### About this task:
In the records below, one line contains "this 1512×1344 image.". Print that line and every line after it exactly, down to the final one.
** Data under study follows **
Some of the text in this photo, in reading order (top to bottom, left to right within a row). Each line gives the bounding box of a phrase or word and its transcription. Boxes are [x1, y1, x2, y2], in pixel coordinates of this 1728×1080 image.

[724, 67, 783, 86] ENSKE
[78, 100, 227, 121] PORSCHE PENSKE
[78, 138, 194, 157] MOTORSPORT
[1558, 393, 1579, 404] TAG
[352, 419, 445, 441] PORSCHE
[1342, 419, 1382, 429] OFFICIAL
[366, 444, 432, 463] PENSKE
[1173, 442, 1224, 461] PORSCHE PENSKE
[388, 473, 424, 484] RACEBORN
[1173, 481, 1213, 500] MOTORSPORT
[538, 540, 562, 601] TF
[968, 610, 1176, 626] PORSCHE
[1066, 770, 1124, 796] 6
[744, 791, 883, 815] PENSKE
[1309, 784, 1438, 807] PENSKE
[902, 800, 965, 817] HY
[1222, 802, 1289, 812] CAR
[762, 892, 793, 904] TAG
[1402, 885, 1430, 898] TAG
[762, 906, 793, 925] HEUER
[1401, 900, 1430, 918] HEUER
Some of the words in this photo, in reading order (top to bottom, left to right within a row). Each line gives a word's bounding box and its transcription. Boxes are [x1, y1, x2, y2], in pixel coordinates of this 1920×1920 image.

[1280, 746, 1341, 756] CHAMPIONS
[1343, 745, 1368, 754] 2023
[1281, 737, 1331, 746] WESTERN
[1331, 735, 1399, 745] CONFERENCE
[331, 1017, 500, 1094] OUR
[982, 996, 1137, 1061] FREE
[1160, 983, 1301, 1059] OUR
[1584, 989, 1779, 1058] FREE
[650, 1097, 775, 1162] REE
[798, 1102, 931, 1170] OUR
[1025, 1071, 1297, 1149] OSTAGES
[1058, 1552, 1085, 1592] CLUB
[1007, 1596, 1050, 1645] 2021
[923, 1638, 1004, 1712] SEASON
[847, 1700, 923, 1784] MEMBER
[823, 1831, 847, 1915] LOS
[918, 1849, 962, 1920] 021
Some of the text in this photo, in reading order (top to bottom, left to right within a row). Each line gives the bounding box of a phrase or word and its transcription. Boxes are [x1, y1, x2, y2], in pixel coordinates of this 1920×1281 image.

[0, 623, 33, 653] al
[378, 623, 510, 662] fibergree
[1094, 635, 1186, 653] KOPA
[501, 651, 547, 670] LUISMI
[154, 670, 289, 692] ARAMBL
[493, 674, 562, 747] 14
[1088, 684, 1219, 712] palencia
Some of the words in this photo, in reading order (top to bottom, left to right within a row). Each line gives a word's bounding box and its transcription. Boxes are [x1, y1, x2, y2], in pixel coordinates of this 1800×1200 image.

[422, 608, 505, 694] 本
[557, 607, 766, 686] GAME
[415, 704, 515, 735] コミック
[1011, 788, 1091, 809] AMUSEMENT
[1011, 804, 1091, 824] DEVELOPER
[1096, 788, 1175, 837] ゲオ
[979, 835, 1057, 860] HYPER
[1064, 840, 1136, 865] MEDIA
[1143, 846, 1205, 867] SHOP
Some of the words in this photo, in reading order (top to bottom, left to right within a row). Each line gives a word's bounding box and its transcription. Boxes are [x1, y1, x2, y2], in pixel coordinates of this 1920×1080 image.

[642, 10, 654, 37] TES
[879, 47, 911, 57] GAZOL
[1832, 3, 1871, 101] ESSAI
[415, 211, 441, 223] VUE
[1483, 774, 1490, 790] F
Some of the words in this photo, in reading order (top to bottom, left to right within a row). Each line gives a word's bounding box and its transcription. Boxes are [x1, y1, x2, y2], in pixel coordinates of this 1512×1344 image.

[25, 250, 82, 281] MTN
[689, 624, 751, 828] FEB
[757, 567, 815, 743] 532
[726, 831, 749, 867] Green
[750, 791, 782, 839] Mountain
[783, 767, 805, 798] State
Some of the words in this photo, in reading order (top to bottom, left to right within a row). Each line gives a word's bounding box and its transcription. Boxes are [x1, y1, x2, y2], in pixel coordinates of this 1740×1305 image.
** End of Data under study **
### Solution to the exercise:
Some of the words in this photo, in reading order (top to bottom, left to right within a row). Each line gives a word's bounding box and its transcription. Boxes are [x1, y1, x2, y2], in pixel coordinates of this 1512×1344 image.

[25, 250, 82, 281] MTN
[689, 624, 751, 828] FEB
[757, 567, 815, 743] 532
[726, 831, 749, 867] Green
[750, 791, 782, 839] Mountain
[783, 767, 805, 798] State
Some of the words in this photo, in reading order (top to bottom, left to right within a row). Each line gives a word's bounding box and its transcription. Boxes are [x1, y1, x2, y2], in pixel coordinates of this 1740×1305 image.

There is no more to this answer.